A flood of new supply likely to put ethylene projects at risk of closing in next decade


A glut of new supply could put several ethylene projects at risk of closing in the next decade, as per findings by energy research firm Wood Mackenzie, reported houstonchronicle.com. Dozens of new ethylene related projects are planned in the Gulf Coast and internationally in Asia, Europe and Middle East totally about 68 mln metric tons of new capacity over the next five years. Global demand for ethylene and petrochemicals is expected to grow in the coming decades, but analysts are warning that there could be too much ethylene capacity flooding the markets at once in the mid-2020s. This could lead to collapse ethylene margins and put older, less-advantaged projects at risk of closure.

 Wood Mackenzie estimates that 80% of new capacity additions will open in around the same two year time period between 2022 to 2024. That is "expected to push the ethylene industry into bottom-of-the-cycle conditions by the mid-2020s. This follows a recent period of peak operations and profitability," notes Patrick Kirby, Wood Mackenzie Principal Analyst, in a new market analysis. Kirby said that the supply-demand imbalance  "highlights the need for some capacity closures across the various regions as the industry grapples with the extended and pronounced margin pressure the downturn will bring – aggravated by rising crude and liquid feed costs."

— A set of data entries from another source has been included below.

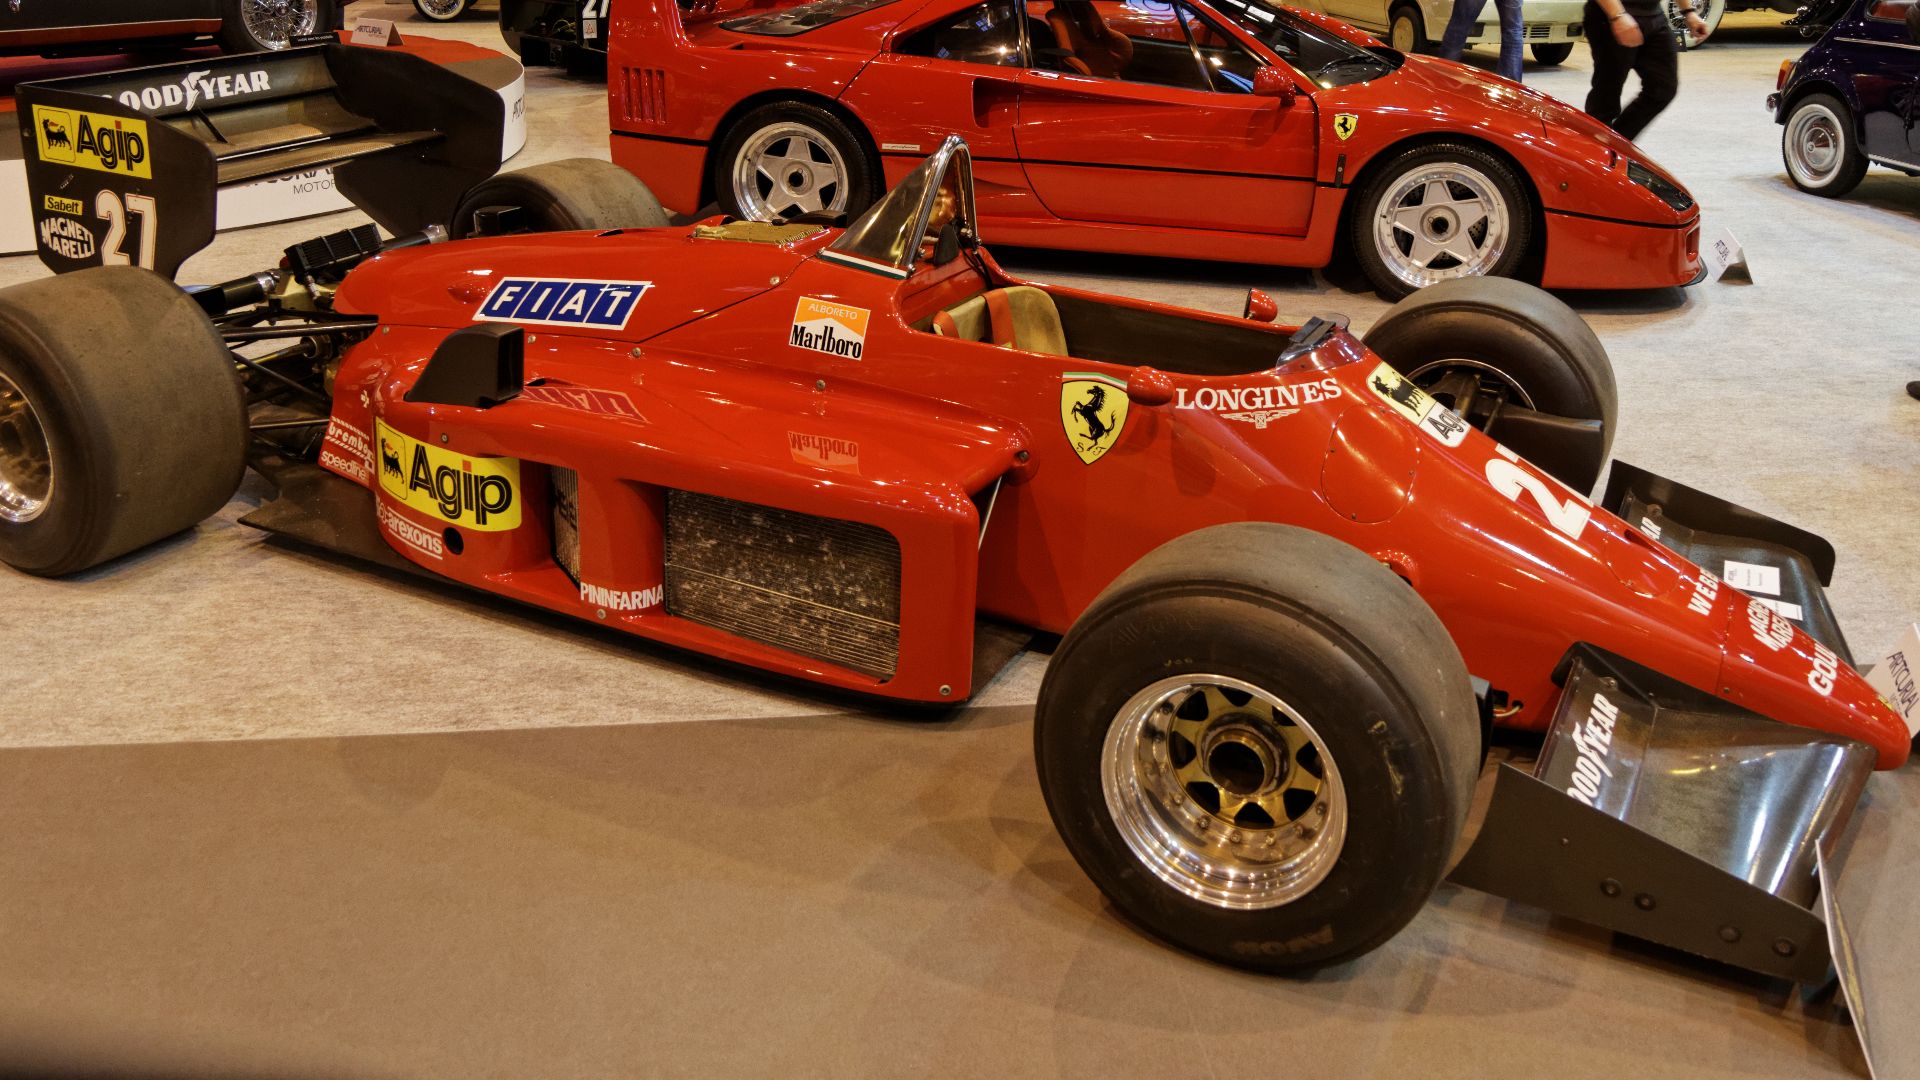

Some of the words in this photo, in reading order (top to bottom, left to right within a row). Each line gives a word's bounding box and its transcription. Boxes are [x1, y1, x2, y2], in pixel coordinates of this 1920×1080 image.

[101, 70, 271, 112] OODYEAR
[77, 115, 145, 171] Agip
[47, 197, 80, 214] Sabelt
[40, 217, 95, 243] MAGNETI
[40, 234, 95, 259] MARELLI
[96, 189, 158, 271] 27
[492, 286, 633, 318] FIAT
[808, 303, 858, 320] ALBORETO
[790, 324, 862, 358] Marlboro
[1175, 378, 1343, 411] LONGINES
[328, 421, 369, 454] brembo
[320, 450, 367, 480] speedline
[409, 443, 512, 525] Agip
[387, 512, 442, 555] arexons
[580, 581, 664, 611] PININFARINA
[1886, 651, 1919, 718] ARTCURIAL
[1566, 692, 1619, 807] OODYEAR

 Although margins could dip in the U.S., the region is still expected to be somewhat shielded from the worst of the downturn in the sector because of its access to lower cost ethane unleashed by the shale boom. Other chemical markets that could be at risk include  propylene and butadiene, which "are similarly expected to enter their respective downcycles due to the increased investment landscape," Kirby said. That could mean propylene and butadiene related units also face similar downward pressures on margins and likely won't produce above-average economics during the same mid-2020s time frame.